**Work order:**
Would you return the listing that follows exactly, leaving its pictures behind?

(Task inputs Opens)

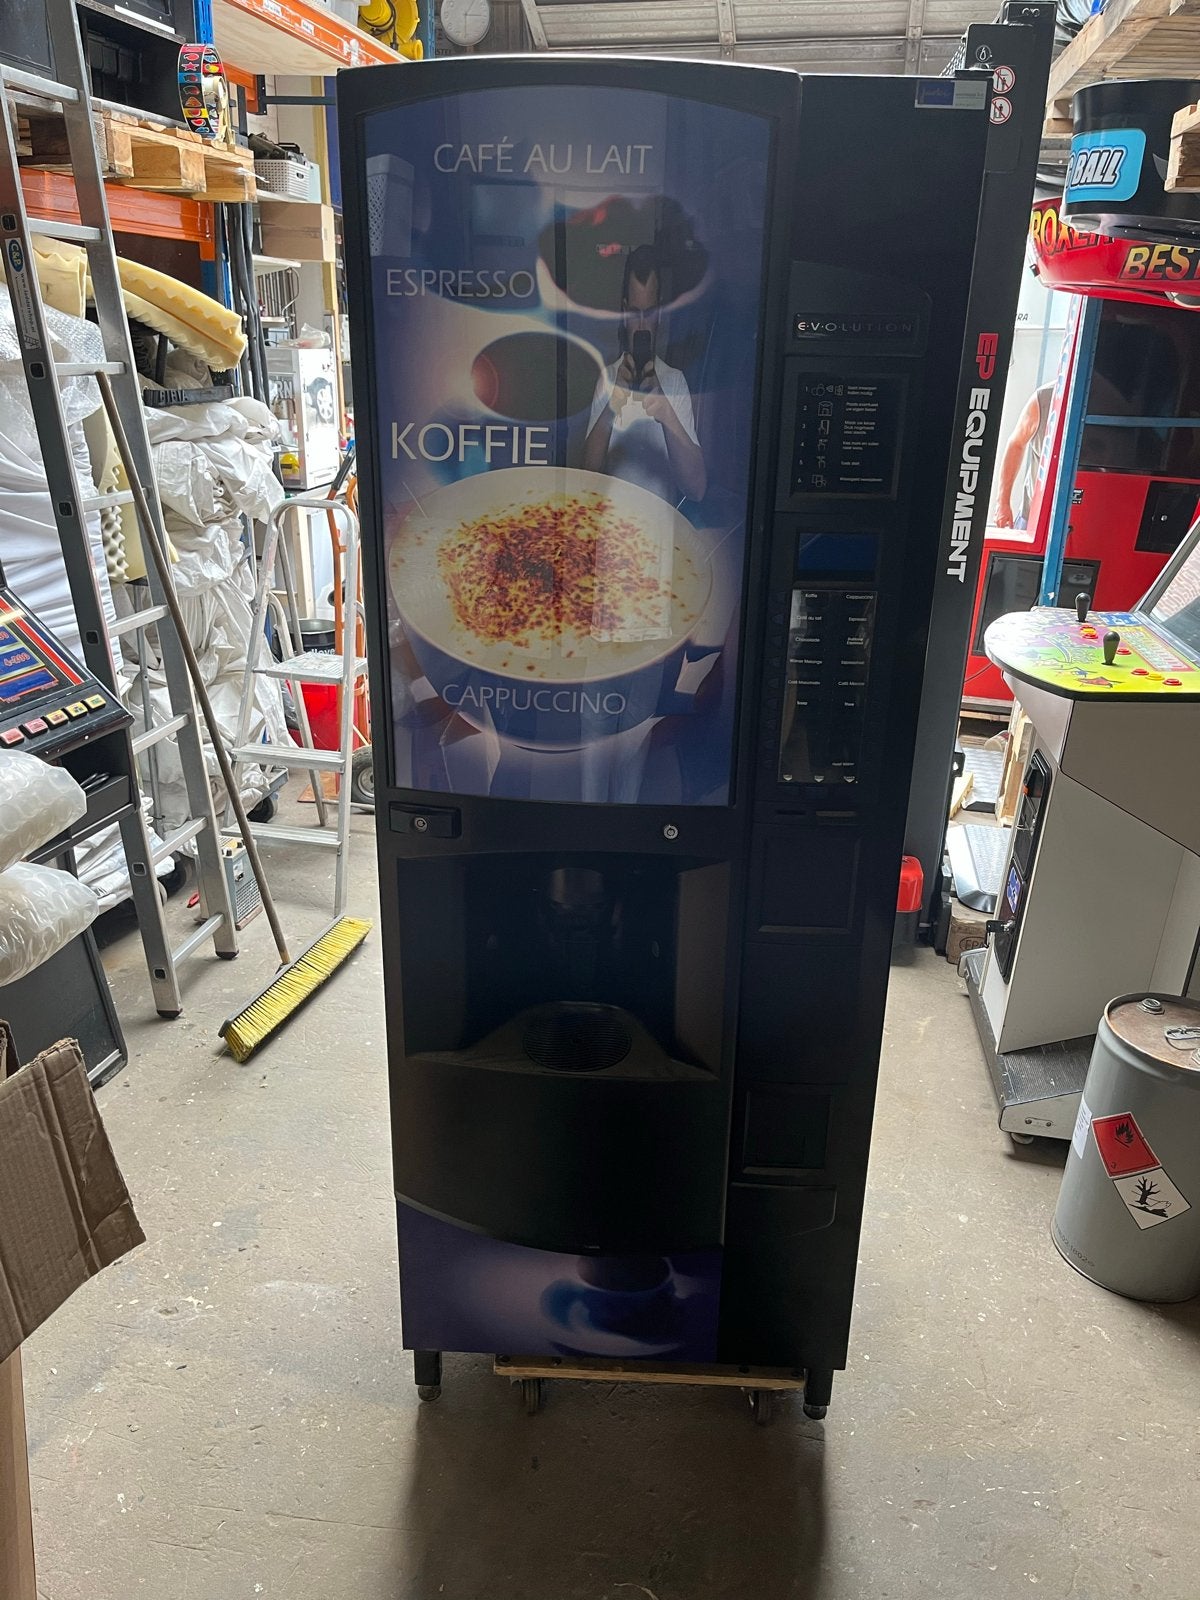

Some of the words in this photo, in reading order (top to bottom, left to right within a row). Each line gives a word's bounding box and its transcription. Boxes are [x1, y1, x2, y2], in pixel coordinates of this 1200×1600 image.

[433, 136, 514, 173] CAFÉ
[523, 144, 572, 173] AU
[586, 145, 653, 174] LAIT
[1071, 149, 1124, 187] BALL
[1120, 244, 1200, 281] BES
[386, 268, 536, 298] ESPRESSO
[975, 333, 999, 380] EP
[391, 422, 549, 465] KOFFIE
[946, 387, 991, 584] EQUIPMENT
[442, 684, 626, 715] CAPPUCCINO

(Task inputs Closes)

**Answer for the task:**
Some of the words in this photo, in reading order (top to bottom, left to right within a row). Each line gives a word's bounding box and its transcription. Boxes are [x1, y1, x2, y2], in pixel coordinates of this 1200×1600 image.

[433, 136, 514, 173] CAFÉ
[523, 144, 572, 173] AU
[586, 145, 653, 174] LAIT
[1071, 149, 1124, 187] BALL
[1120, 244, 1200, 281] BES
[386, 268, 536, 298] ESPRESSO
[975, 333, 999, 380] EP
[391, 422, 549, 465] KOFFIE
[946, 387, 991, 584] EQUIPMENT
[442, 684, 626, 715] CAPPUCCINO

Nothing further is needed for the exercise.